Wound tumor virus

Virus classification
- (unranked): Virus
- Realm: Riboviria
- Kingdom: Orthornavirae
- Phylum: Duplornaviricota
- Class: Resentoviricetes
- Order: Reovirales
- Family: Sedoreoviridae
- Genus: Phytoreovirus
- Species: Phytoreovirus vulnustumoris

= Wound tumor virus =

Species of virus

Wound tumor virus is an invertebrate and plant virus found in the United States of America belonging to the genus Phytoreovirus and the family Sedoreoviridae. It is a type III virus under the Baltimore classification system; that is it has a double-stranded RNA genome. This genome is approximately 25,000 base pairs long and organised into twelve segments. All the viral replication occurs in the cytoplasm. The virus is 22% RNA by weight, the other 78% being structural proteins.

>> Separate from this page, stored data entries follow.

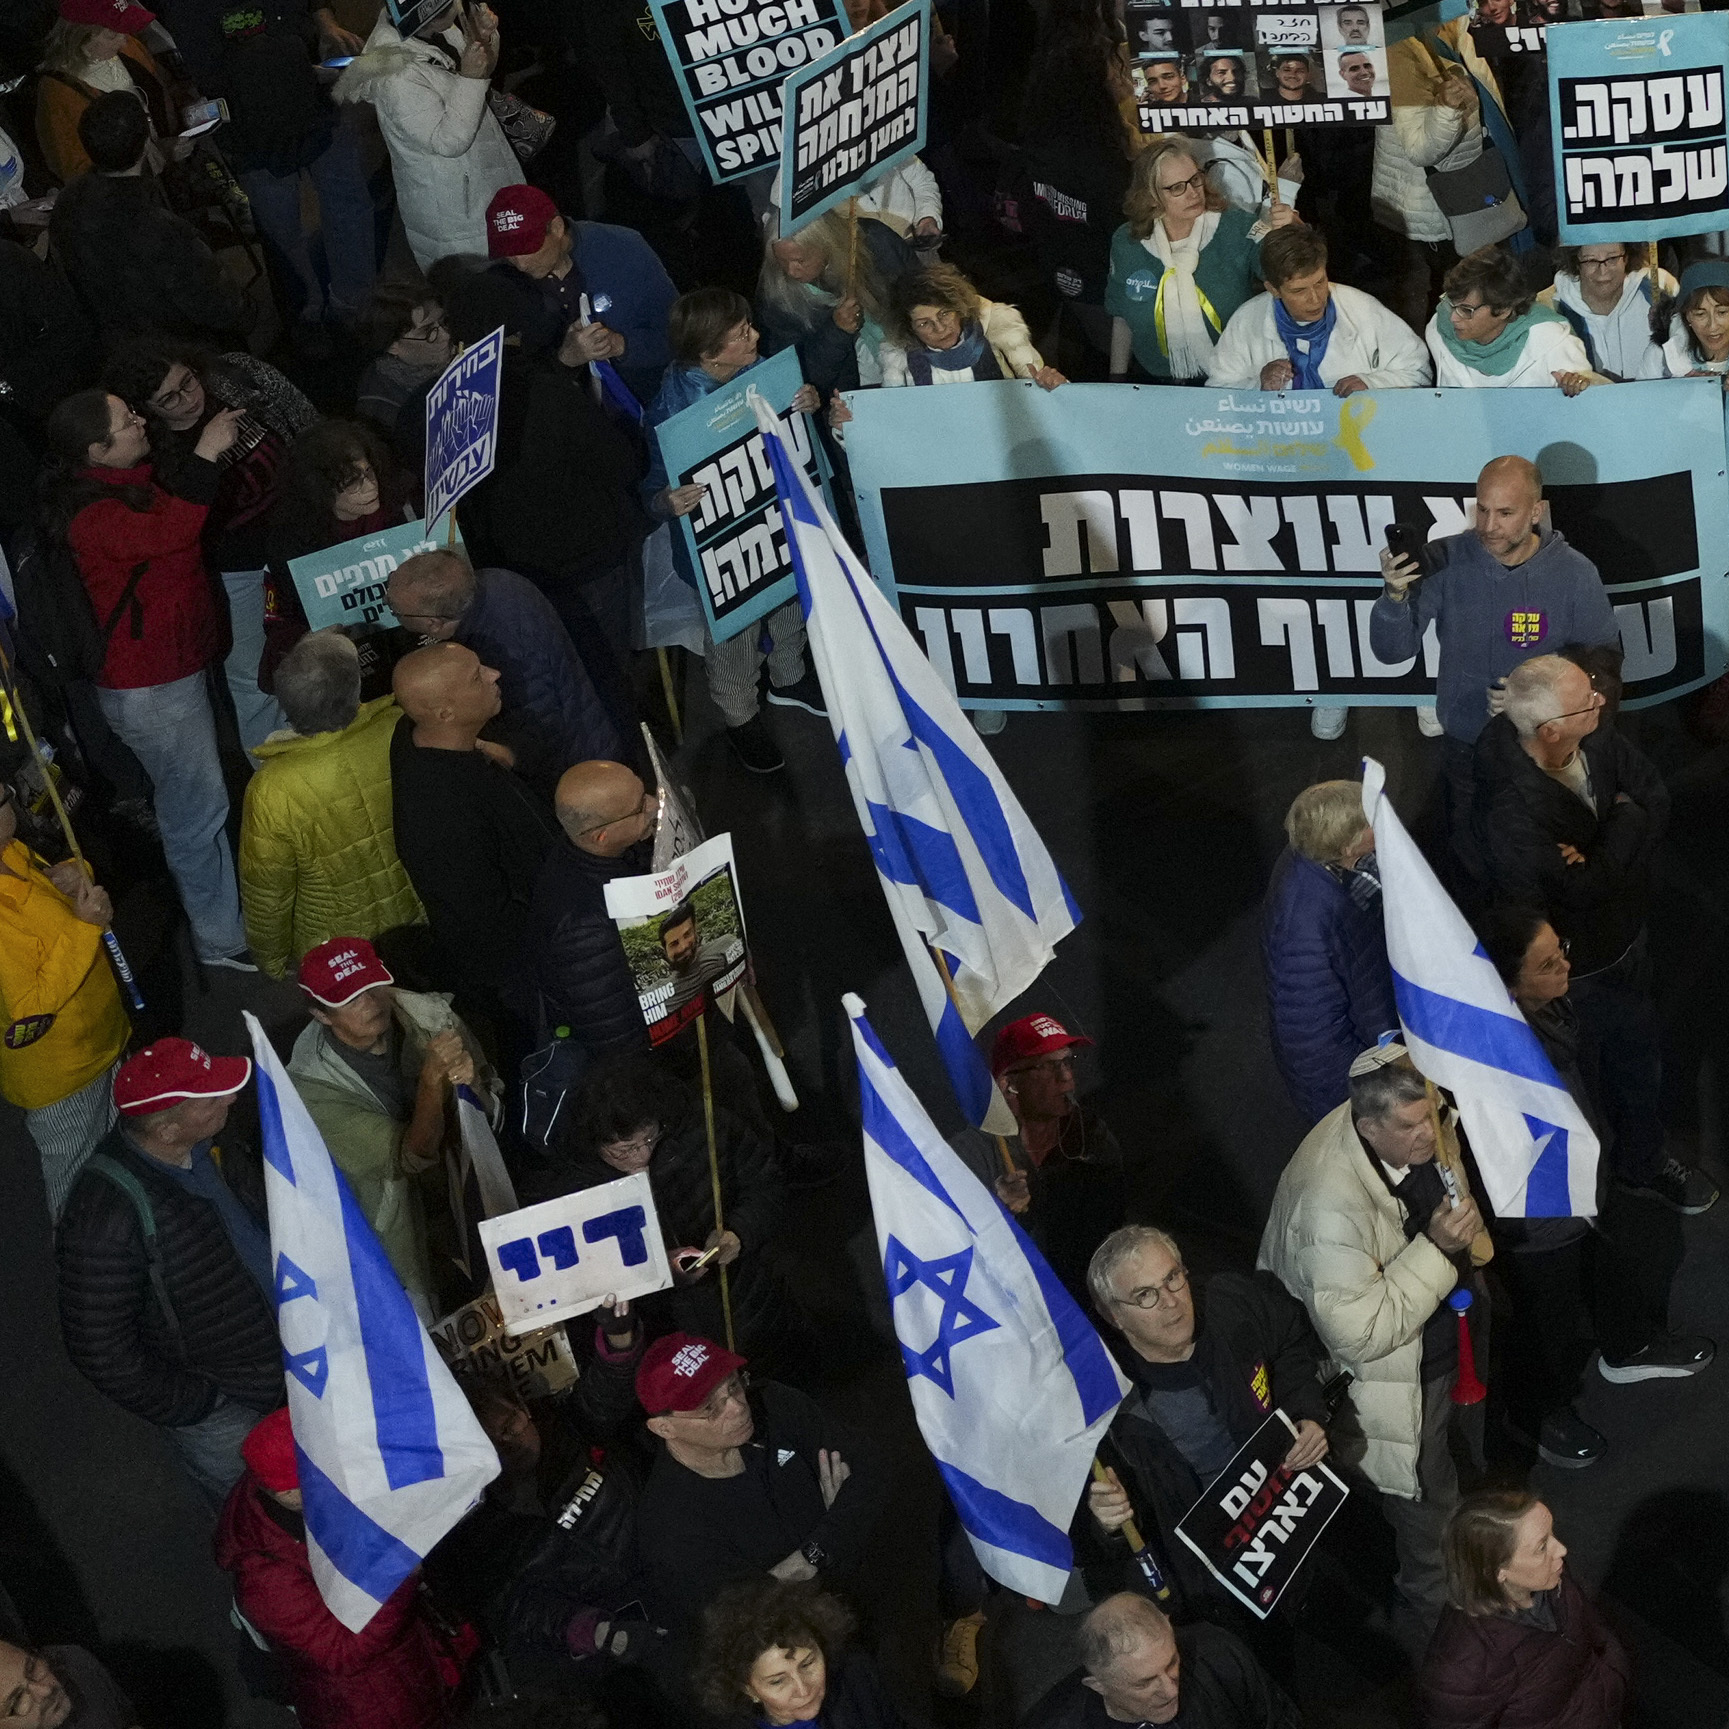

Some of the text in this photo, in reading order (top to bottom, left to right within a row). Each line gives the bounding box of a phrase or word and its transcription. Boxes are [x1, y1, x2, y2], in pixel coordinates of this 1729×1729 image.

[800, 19, 919, 120] עצרו את
[797, 60, 918, 172] המלחמה
[1139, 99, 1388, 134] עד החטוף האחרון!
[1563, 73, 1724, 143] עסקה.
[821, 106, 918, 190] למען כולנו
[1566, 143, 1729, 213] שלמה!
[497, 210, 517, 218] SEAL
[498, 223, 520, 232] DEAL
[507, 215, 524, 223] BIG
[1040, 488, 1392, 578] עוצרות
[328, 950, 358, 968] SEAL
[334, 962, 366, 981] DEAL
[340, 960, 354, 969] THE
[637, 981, 676, 1012] BRING
[643, 1002, 669, 1027] HIM
[672, 1345, 695, 1366] SEAL
[685, 1354, 709, 1377] DEAL
[1219, 1458, 1270, 1522] עם
[1232, 1472, 1324, 1590] בארצנו

Structurally, the virus is constructed from 7 different structural proteins. The capsid has icosahedral symmetry, is non-enveloped and around 70 nm in diameter. There is an inner-shell with a diameter of around 50 nm.

More than 50 species of plants are potential hosts for Wound tumor virus. It was first reported in Melilotus officinalis. The virus causes tumors to form on the plant at the stem and roots – with the root tumors being more severe.

The virus is spread by an insect vector – the leaf hopper family, notably 'Agallia constricta'. Since viral replication occurs relatively independently of cellular processes, the virus also replicates in the insect vector.